**Task details**
Print the data below exactly as it stands, and keep the pictures out.

==== Excerpted records

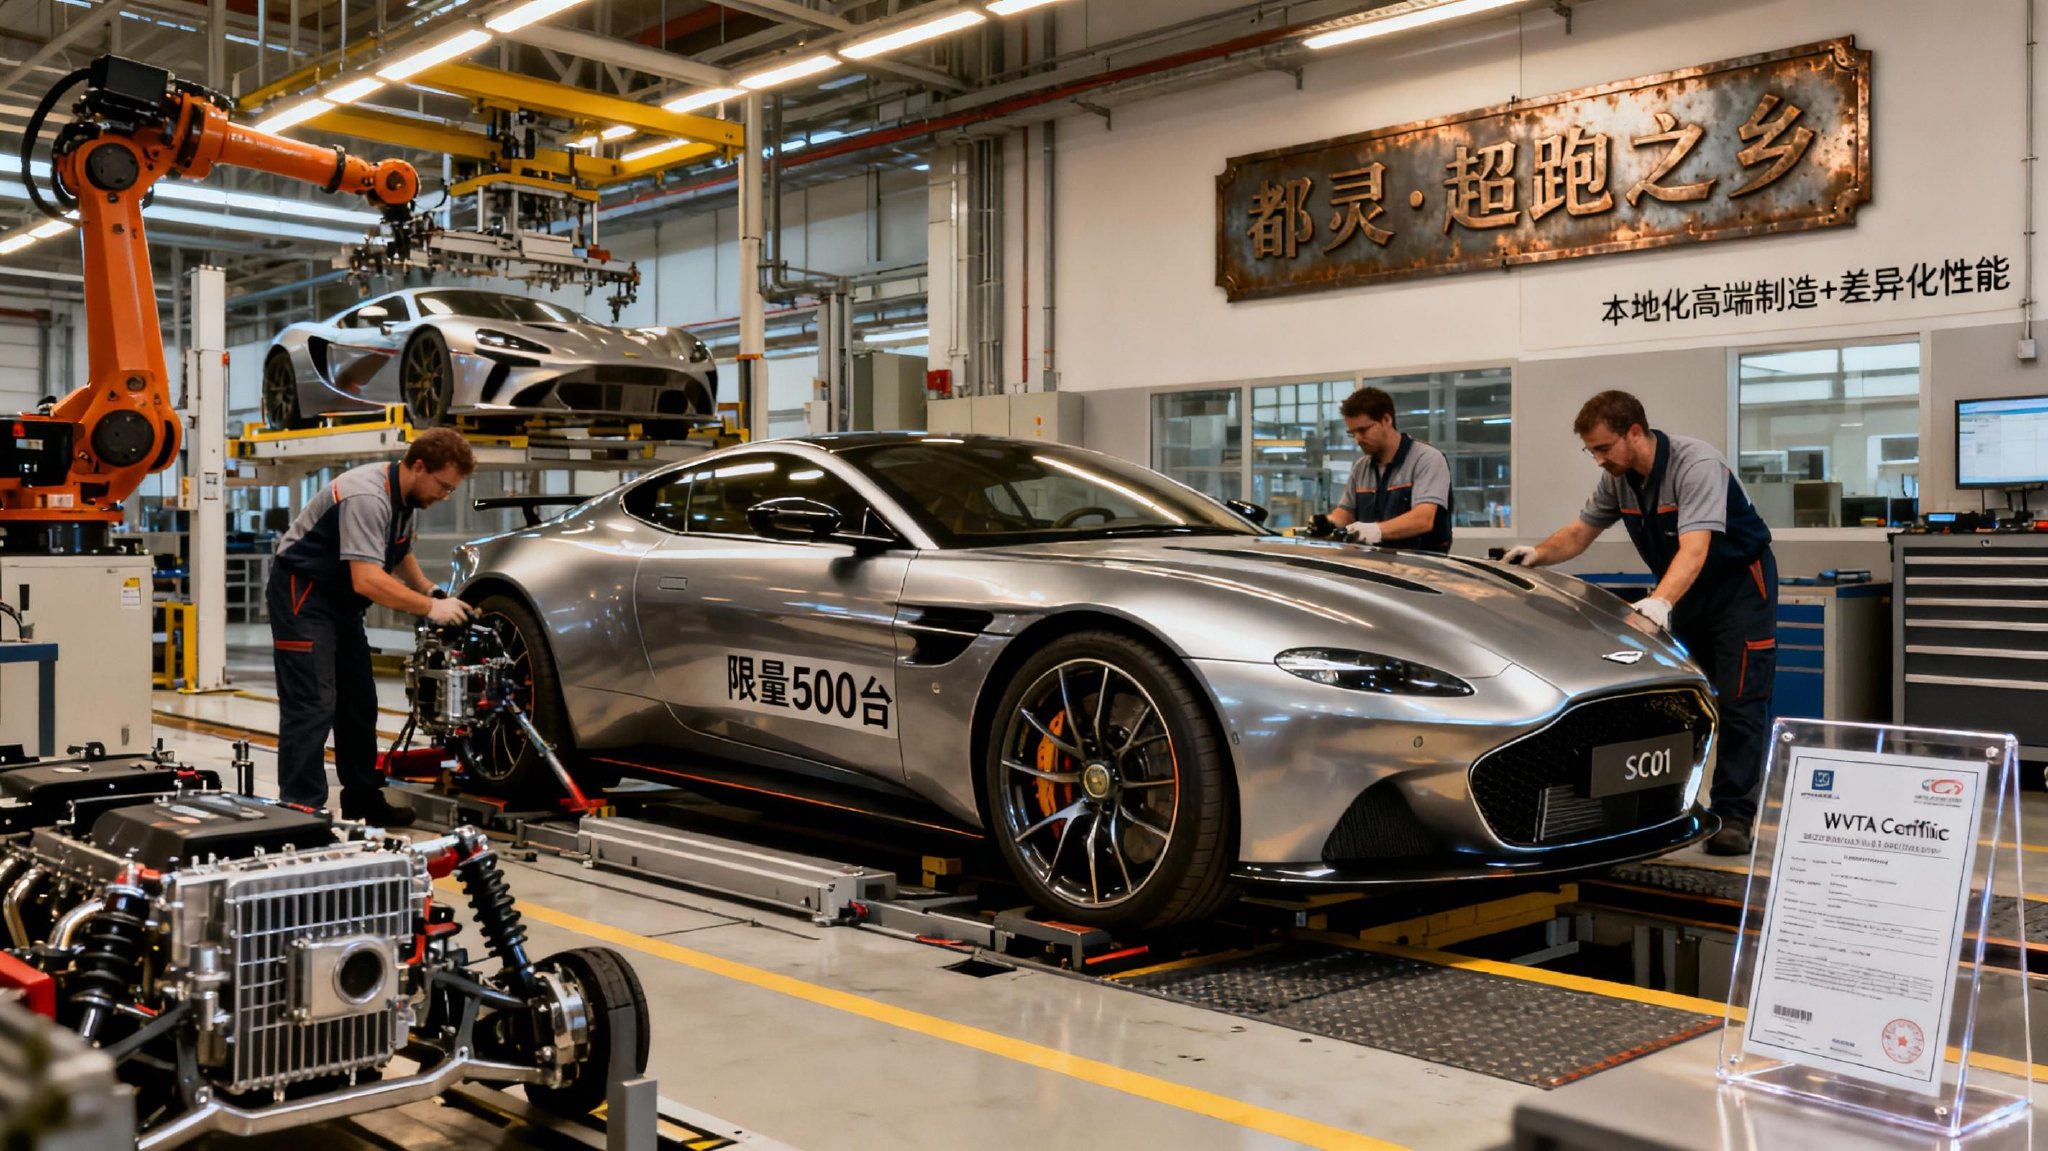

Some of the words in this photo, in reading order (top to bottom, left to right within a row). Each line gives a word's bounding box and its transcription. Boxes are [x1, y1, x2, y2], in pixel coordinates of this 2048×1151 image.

[1247, 93, 1815, 261] 都灵·超跑之乡
[1601, 255, 2011, 327] 本地化高端制造+差异化性能
[727, 654, 893, 730] 限量500台
[1624, 748, 1671, 780] SC01
[1824, 811, 1877, 834] WVTA
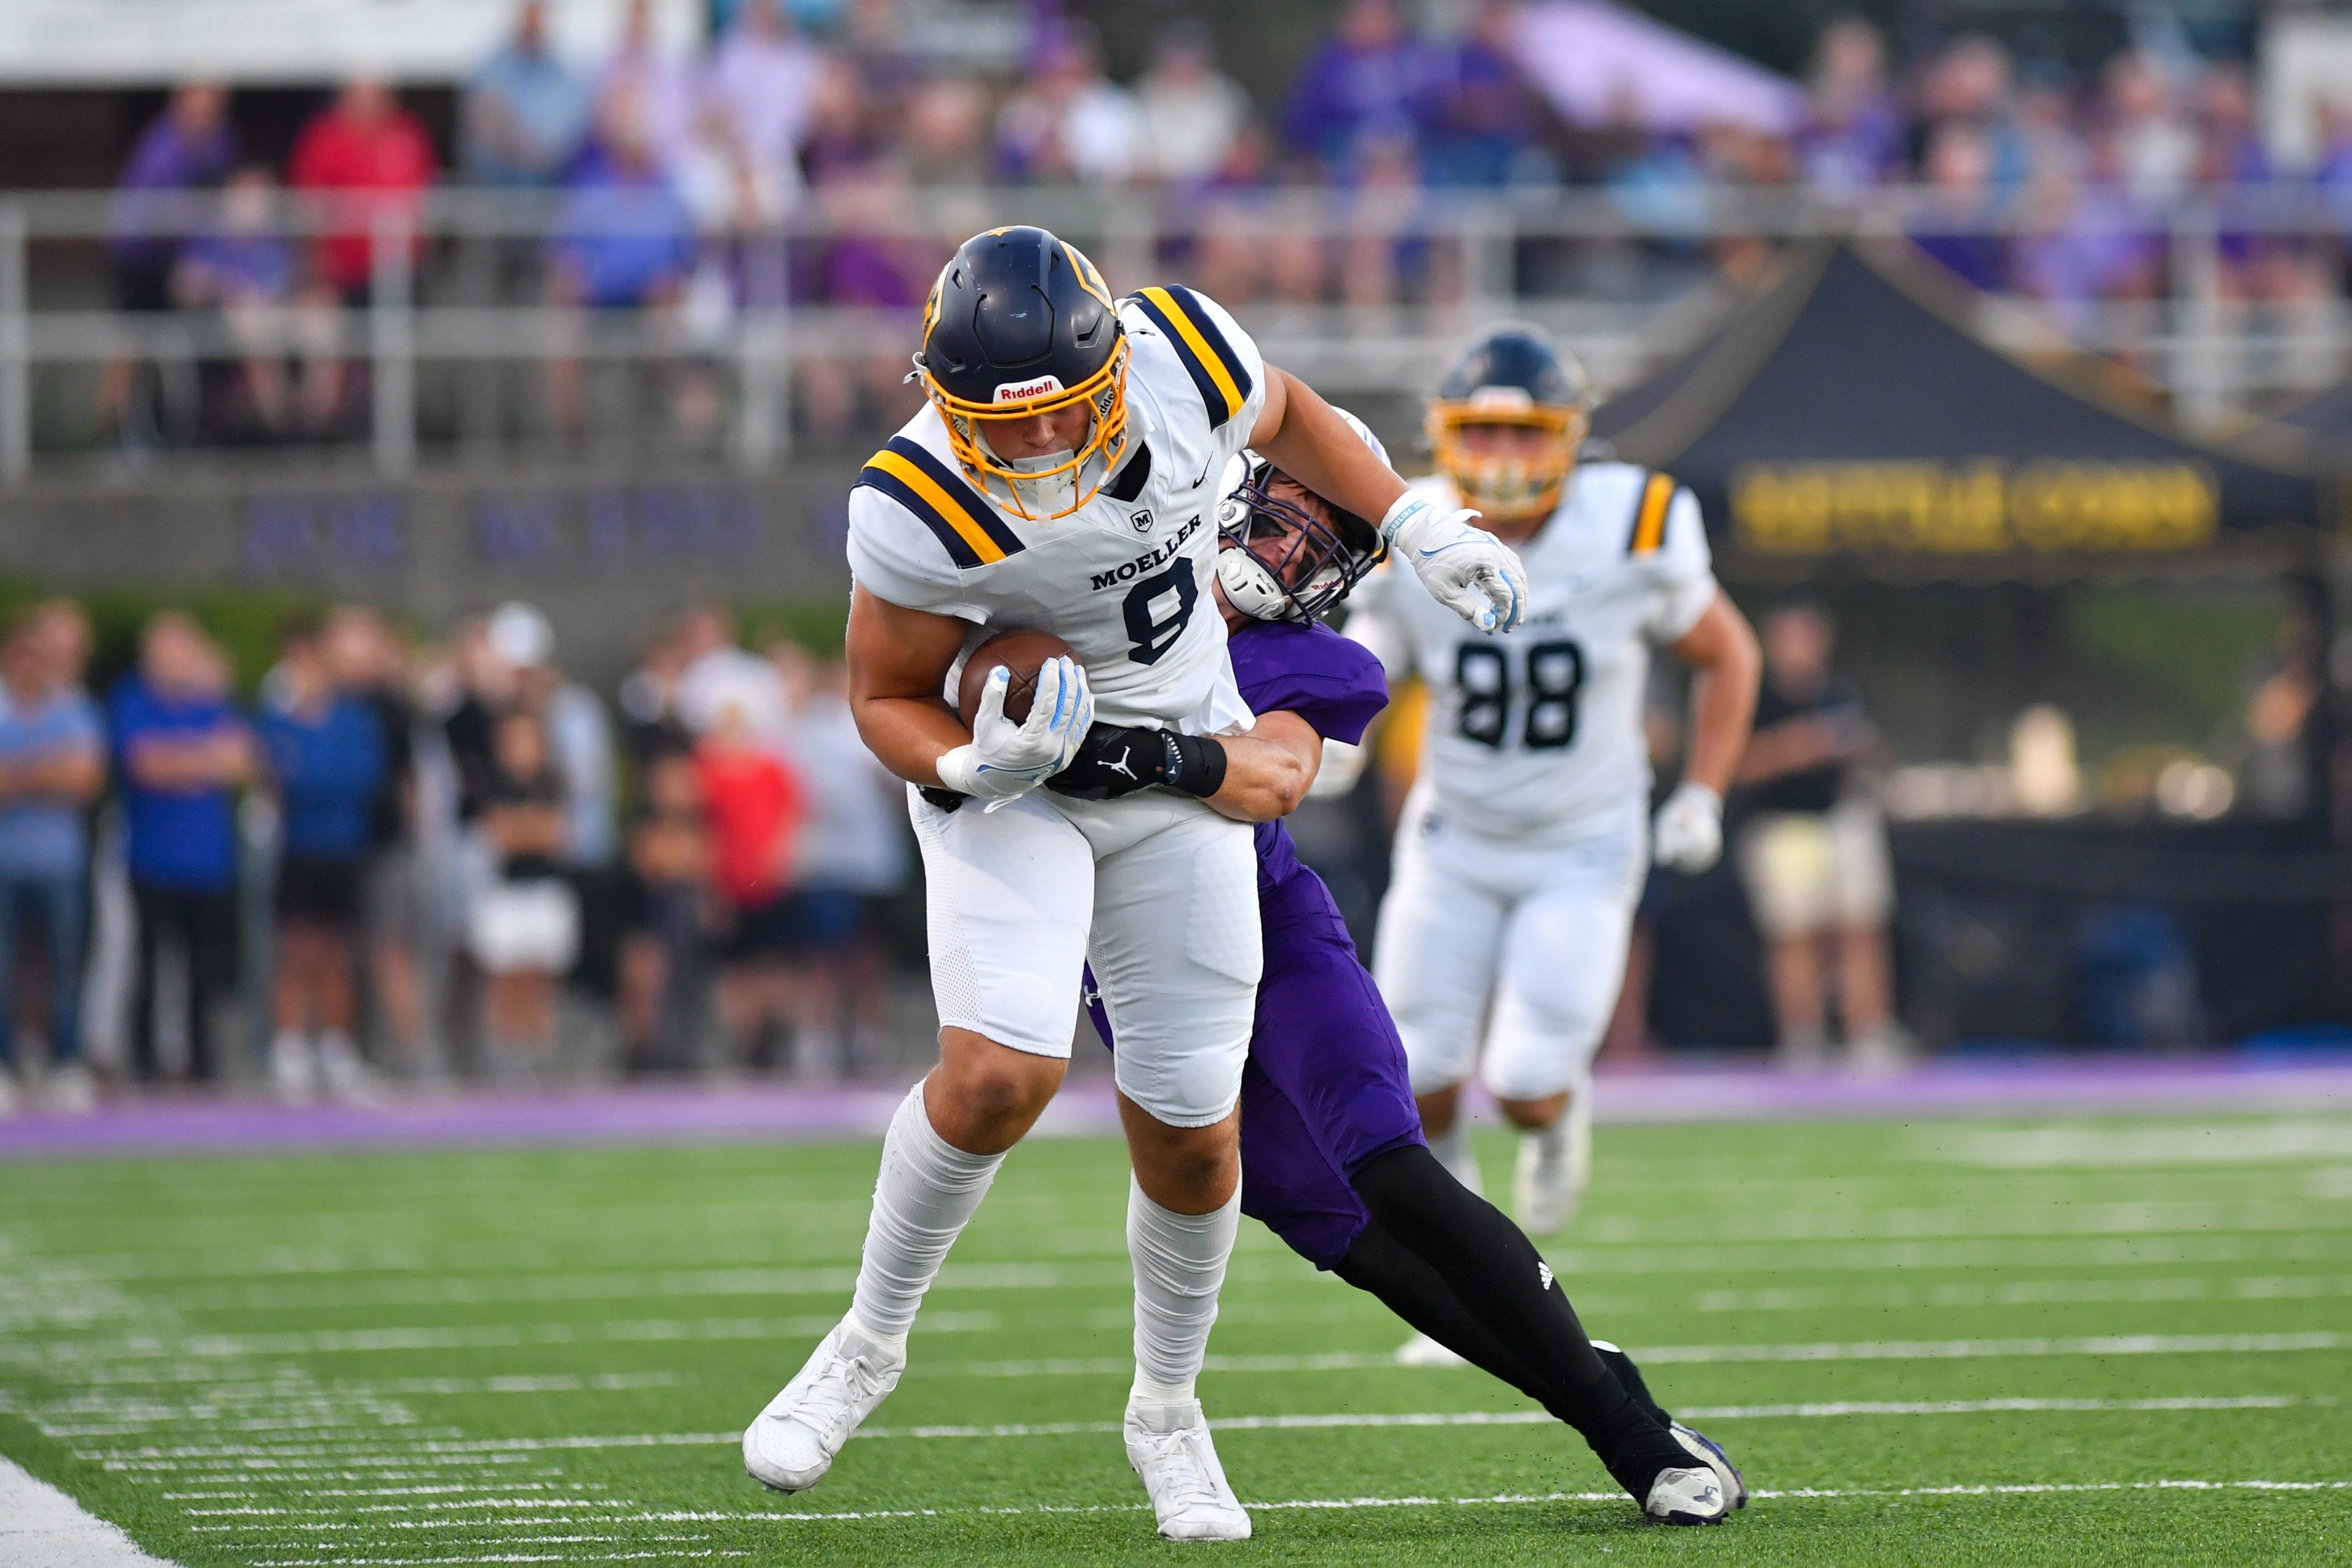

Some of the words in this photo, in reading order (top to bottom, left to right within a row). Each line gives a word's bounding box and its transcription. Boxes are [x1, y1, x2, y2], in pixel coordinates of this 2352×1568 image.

========

**Task result**
Some of the words in this photo, in reading order (top to bottom, left to right within a row). Each line gives a word's bounding box and its transcription. Boxes are [x1, y1, x2, y2], in pixel coordinates of this 2048×1151 image.

[1247, 93, 1815, 261] 都灵·超跑之乡
[1601, 255, 2011, 327] 本地化高端制造+差异化性能
[727, 654, 893, 730] 限量500台
[1624, 748, 1671, 780] SC01
[1824, 811, 1877, 834] WVTA

Some of the words in this photo, in reading order (top to bottom, left to right within a row). Each line gives a word's bounding box and its transcription. Boxes are [x1, y1, x2, y2], in pixel coordinates of this 2352×1568 image.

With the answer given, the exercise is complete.